(Free-text object descriptions)
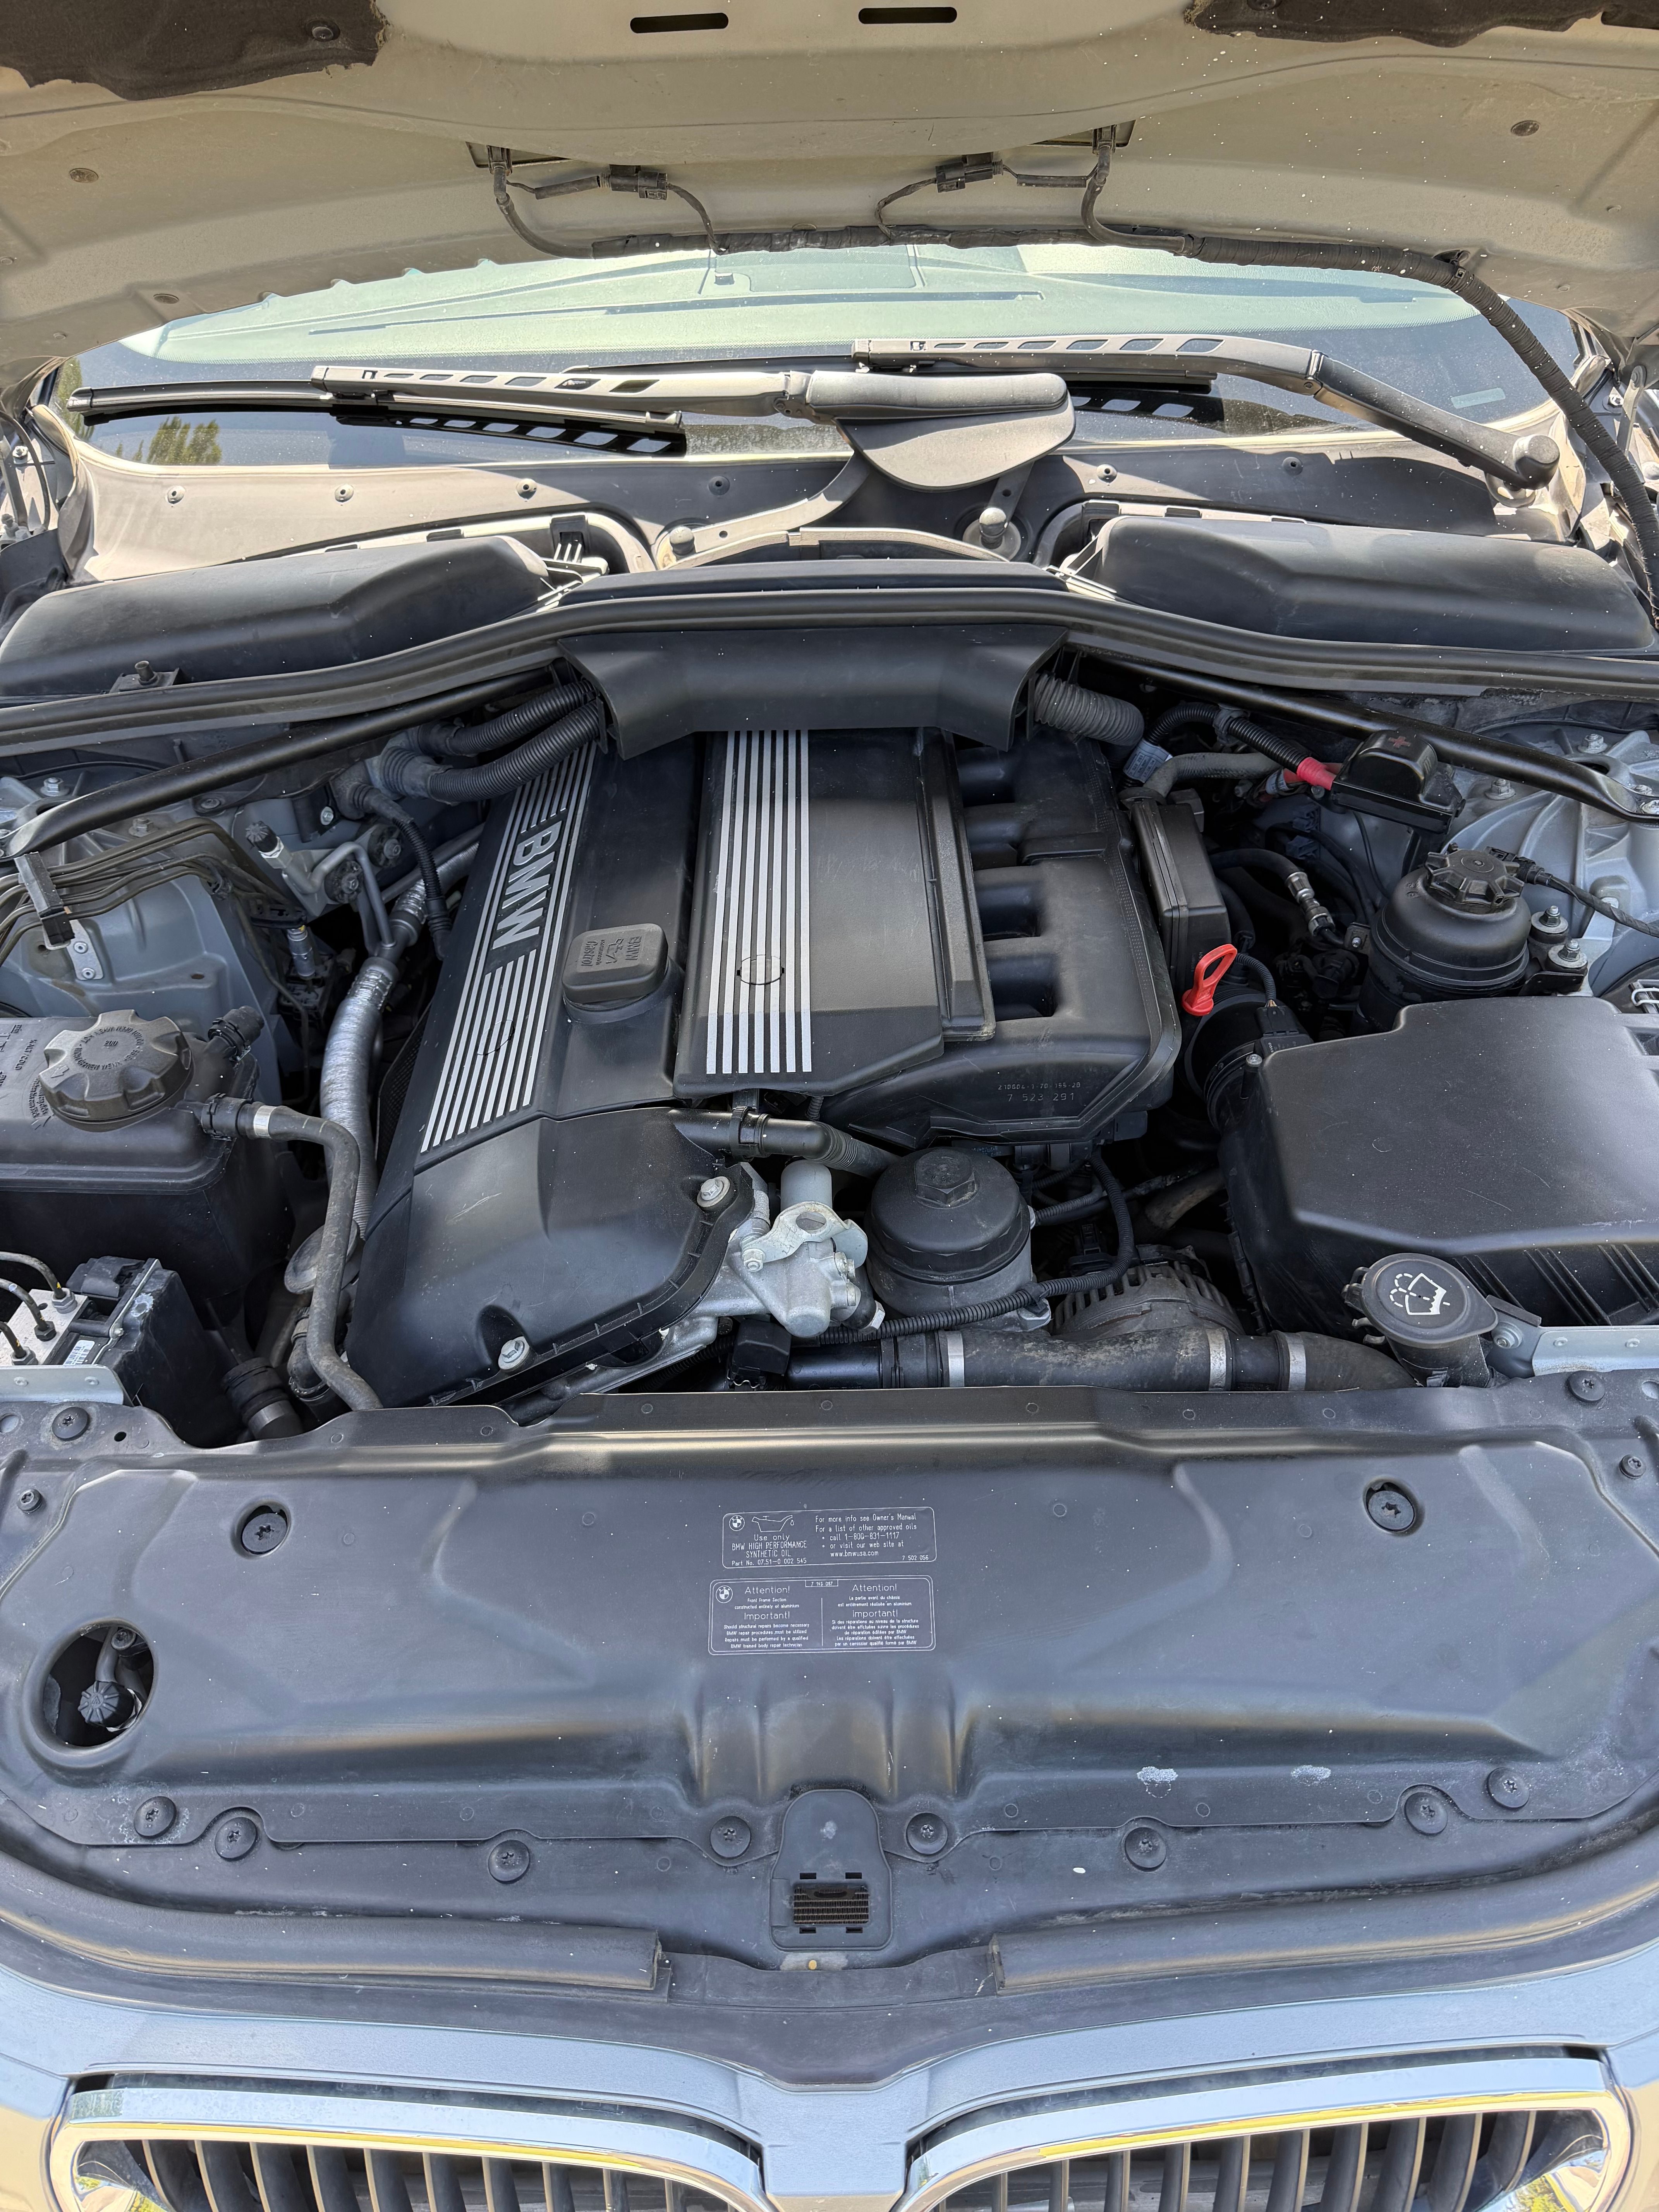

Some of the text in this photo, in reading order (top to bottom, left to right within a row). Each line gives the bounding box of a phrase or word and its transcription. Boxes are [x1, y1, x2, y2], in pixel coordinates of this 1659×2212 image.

[492, 820, 562, 950] BMW
[581, 940, 598, 966] Castrol
[625, 936, 642, 960] BMW
[15, 1039, 38, 1070] KALT/COLD
[1022, 1093, 1044, 1101] 523
[1053, 1092, 1074, 1101] 291
[877, 1523, 903, 1532] approved
[773, 1533, 790, 1542] only
[845, 1532, 900, 1540] 1-800-831-1117
[732, 1540, 807, 1551] BMW HIGH PERFORMANCE
[746, 1549, 778, 1558] SYNTHETIC
[744, 1585, 790, 1595] Attention!
[852, 1583, 897, 1592] Attention!
[744, 1611, 790, 1621] Important!
[852, 1609, 898, 1619] Important!

### WHAT YOU WILL DO
Would you transcribe each of the entries exactly, skipping the pictures?

### RESULT OF THIS TASK
Some of the text in this photo, in reading order (top to bottom, left to right within a row). Each line gives the bounding box of a phrase or word and its transcription. Boxes are [x1, y1, x2, y2], in pixel coordinates of this 1659×2212 image.

[492, 820, 562, 950] BMW
[581, 940, 598, 966] Castrol
[625, 936, 642, 960] BMW
[15, 1039, 38, 1070] KALT/COLD
[1022, 1093, 1044, 1101] 523
[1053, 1092, 1074, 1101] 291
[877, 1523, 903, 1532] approved
[773, 1533, 790, 1542] only
[845, 1532, 900, 1540] 1-800-831-1117
[732, 1540, 807, 1551] BMW HIGH PERFORMANCE
[746, 1549, 778, 1558] SYNTHETIC
[744, 1585, 790, 1595] Attention!
[852, 1583, 897, 1592] Attention!
[744, 1611, 790, 1621] Important!
[852, 1609, 898, 1619] Important!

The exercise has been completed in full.